$1 Million Gift Honors Outgoing Education Dean David Breneman

Painting of the Breneman Courtyard

Painting of Breneman Courtyard/Photo Courtesy of Robert A.M. Stern Architects of New York

May 8, 2007 -- Daniel Meyers, a Boston businessman who chairs the Curry School of Education Foundation board, recently pledged a $1 million challenge gift to name the courtyard between the current and future education buildings in honor of dean David W. Breneman.

Breneman, who has served as dean for 12 years, will step down in June. He will oversee the planning and implementation for the new Batten School of Leadership and Public Policy, until a founding dean is hired. He will continue to teach courses next year in the higher education program at Curry. Robert C. Pianta, the Novartis U.S. Foundation Professor of Education, will succeed him as the eighth dean of the University of Virginia’s Curry School of Education, beginning July 1.

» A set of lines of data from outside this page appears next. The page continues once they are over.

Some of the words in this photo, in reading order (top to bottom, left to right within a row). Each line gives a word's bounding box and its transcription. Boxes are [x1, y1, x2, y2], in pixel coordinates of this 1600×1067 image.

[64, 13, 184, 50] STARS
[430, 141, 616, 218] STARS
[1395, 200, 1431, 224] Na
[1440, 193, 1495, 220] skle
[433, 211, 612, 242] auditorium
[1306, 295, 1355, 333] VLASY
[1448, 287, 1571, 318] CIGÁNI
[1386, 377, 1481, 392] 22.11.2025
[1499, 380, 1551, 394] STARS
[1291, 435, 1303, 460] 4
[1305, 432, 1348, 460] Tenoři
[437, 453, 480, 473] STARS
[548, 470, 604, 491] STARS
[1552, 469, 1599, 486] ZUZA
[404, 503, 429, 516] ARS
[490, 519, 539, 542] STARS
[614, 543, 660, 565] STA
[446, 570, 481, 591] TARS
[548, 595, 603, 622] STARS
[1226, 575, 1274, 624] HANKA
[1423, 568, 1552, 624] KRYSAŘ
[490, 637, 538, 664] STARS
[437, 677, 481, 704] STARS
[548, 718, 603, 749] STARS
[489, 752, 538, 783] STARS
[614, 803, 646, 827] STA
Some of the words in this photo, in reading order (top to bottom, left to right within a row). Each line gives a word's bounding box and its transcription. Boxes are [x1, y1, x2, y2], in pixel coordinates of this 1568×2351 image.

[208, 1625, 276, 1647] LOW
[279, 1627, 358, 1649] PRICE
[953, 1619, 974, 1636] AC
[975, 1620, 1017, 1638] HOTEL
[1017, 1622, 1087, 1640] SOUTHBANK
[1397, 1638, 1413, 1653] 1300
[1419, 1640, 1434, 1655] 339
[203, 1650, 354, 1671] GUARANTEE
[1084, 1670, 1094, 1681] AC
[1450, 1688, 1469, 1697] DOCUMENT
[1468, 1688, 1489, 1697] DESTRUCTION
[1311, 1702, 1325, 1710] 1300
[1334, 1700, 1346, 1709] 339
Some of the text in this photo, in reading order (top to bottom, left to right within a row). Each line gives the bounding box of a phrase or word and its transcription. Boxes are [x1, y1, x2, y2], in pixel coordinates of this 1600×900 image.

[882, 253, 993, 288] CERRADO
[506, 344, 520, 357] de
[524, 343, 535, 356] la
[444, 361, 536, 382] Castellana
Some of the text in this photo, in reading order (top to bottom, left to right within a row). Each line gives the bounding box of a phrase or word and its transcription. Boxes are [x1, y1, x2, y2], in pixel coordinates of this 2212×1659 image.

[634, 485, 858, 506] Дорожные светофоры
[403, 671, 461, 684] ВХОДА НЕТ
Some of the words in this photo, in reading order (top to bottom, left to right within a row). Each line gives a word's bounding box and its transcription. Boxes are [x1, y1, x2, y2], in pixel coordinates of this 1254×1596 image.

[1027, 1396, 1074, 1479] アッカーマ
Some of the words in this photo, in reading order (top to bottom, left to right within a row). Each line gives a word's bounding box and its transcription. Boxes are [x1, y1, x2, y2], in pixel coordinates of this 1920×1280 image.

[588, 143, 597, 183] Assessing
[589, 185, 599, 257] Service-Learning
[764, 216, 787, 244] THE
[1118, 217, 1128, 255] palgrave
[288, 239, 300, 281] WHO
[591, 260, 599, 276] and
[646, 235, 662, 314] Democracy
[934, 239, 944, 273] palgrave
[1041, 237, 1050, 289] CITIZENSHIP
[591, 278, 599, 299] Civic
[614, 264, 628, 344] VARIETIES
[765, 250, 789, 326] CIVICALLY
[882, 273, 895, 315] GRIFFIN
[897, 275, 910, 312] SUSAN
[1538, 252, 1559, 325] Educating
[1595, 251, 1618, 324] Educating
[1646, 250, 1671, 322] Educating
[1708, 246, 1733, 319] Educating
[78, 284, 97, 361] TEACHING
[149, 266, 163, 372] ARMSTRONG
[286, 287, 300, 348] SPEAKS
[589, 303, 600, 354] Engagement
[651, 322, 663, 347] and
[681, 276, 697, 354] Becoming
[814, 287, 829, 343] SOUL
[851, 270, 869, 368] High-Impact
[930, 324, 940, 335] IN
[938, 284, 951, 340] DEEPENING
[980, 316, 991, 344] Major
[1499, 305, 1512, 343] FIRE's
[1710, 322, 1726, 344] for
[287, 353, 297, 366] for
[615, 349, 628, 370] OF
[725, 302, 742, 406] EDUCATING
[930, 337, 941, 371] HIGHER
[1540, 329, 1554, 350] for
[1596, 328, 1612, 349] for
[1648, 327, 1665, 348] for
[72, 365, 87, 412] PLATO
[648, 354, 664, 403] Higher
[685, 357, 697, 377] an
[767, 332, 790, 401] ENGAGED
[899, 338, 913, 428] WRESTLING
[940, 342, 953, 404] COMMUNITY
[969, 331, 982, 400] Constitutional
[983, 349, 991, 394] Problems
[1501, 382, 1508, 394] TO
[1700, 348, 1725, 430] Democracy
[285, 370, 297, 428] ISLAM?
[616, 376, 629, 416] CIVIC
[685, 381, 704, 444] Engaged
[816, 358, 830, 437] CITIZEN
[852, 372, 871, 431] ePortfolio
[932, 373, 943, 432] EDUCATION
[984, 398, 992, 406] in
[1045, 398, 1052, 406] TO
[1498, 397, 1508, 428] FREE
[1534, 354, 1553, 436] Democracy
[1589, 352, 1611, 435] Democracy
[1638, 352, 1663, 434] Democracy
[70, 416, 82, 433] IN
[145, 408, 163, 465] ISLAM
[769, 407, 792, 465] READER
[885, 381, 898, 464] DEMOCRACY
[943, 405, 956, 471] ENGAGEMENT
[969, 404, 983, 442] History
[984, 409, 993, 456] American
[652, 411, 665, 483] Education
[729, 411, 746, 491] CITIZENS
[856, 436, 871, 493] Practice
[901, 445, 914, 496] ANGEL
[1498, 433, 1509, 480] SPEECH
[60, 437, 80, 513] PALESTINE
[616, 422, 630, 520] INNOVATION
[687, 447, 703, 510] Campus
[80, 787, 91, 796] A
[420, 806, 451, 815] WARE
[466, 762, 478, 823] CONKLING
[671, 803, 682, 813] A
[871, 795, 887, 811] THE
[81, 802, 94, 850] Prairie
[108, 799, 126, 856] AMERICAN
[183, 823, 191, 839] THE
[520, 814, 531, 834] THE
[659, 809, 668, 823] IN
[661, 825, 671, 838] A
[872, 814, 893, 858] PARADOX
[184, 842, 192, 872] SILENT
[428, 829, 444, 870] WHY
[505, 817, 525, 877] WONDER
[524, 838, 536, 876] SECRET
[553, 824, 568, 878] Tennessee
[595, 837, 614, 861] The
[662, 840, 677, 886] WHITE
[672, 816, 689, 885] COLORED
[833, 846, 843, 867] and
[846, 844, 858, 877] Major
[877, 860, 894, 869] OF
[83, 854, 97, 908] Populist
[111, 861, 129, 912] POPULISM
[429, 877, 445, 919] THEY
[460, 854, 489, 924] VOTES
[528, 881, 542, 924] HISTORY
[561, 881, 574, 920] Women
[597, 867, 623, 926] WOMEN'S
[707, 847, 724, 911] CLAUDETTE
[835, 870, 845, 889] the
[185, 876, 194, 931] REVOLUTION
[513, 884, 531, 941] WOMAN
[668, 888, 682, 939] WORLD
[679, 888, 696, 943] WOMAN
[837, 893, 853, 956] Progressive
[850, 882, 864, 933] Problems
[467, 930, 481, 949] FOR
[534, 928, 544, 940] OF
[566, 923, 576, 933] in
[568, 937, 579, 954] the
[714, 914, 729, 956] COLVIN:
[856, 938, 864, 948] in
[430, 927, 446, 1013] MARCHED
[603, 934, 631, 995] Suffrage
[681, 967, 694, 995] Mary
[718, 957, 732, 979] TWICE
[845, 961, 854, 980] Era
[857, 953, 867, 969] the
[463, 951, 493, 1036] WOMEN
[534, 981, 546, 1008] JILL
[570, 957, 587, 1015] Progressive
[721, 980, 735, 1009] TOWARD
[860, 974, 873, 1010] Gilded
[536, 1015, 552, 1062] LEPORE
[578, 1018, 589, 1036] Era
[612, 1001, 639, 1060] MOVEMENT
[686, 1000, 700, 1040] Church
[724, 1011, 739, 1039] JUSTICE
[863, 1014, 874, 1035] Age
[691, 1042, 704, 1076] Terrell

“I was surprised and delighted by this additional gift from board chair Dan Meyers,” Breneman said, “and impressed by the symbolism of the gift. The Breneman Courtyard will serve as the link between Ruffner and Bavaro Halls, as the two buildings are joined into the new Curry School complex. Meyers’ generosity is simply unprecedented for a school of education, and we are all deeply in his debt.”

Meyers is the chairman of Sextant Holdings LLC, a private investment entity. Previously, he co-founded and served as chairman and chief executive officer of the First Marblehead Corporation, a NYSE-listed education finance company, which to date has provided roughly $10 billion in assistance to students in the United States. With gifts totaling $25 million, including $22 million in 2004 toward the new education building, Meyers is the Curry School’s most generous donor.

"To Curry, David Breneman has been a scholar, a leader, a transformational dean,” said Meyers. “To me, he has been a great friend. I am tremendously proud of his accomplishments at Curry and it has been a privilege to work with him during his tenure. The courtyard between Ruffner and Bavaro halls is a perfect vehicle to name for him,” Meyers added, “as it represents the progression the school makes toward its bright future.”

The $37.2 million facility will be called Bavaro Hall, after Meyers’ family friend, Anthony D. “Wally” Bavaro, a public school teacher and coach whom he greatly admired. Meyers also endowed a professorship in the Curry School. With this new pledge, Meyers will match donor gifts one to one up to $1 million.

The firm of Robert A.M. Stern Architects of New York is designing the 60,000-square-foot building to give a more traditional and Jeffersonian facade to the education school in its visible location on the University’s Central Grounds. Bavaro will add almost double the space to the Curry School. Construction is slated to begin in late 2007 with completion scheduled for 2010.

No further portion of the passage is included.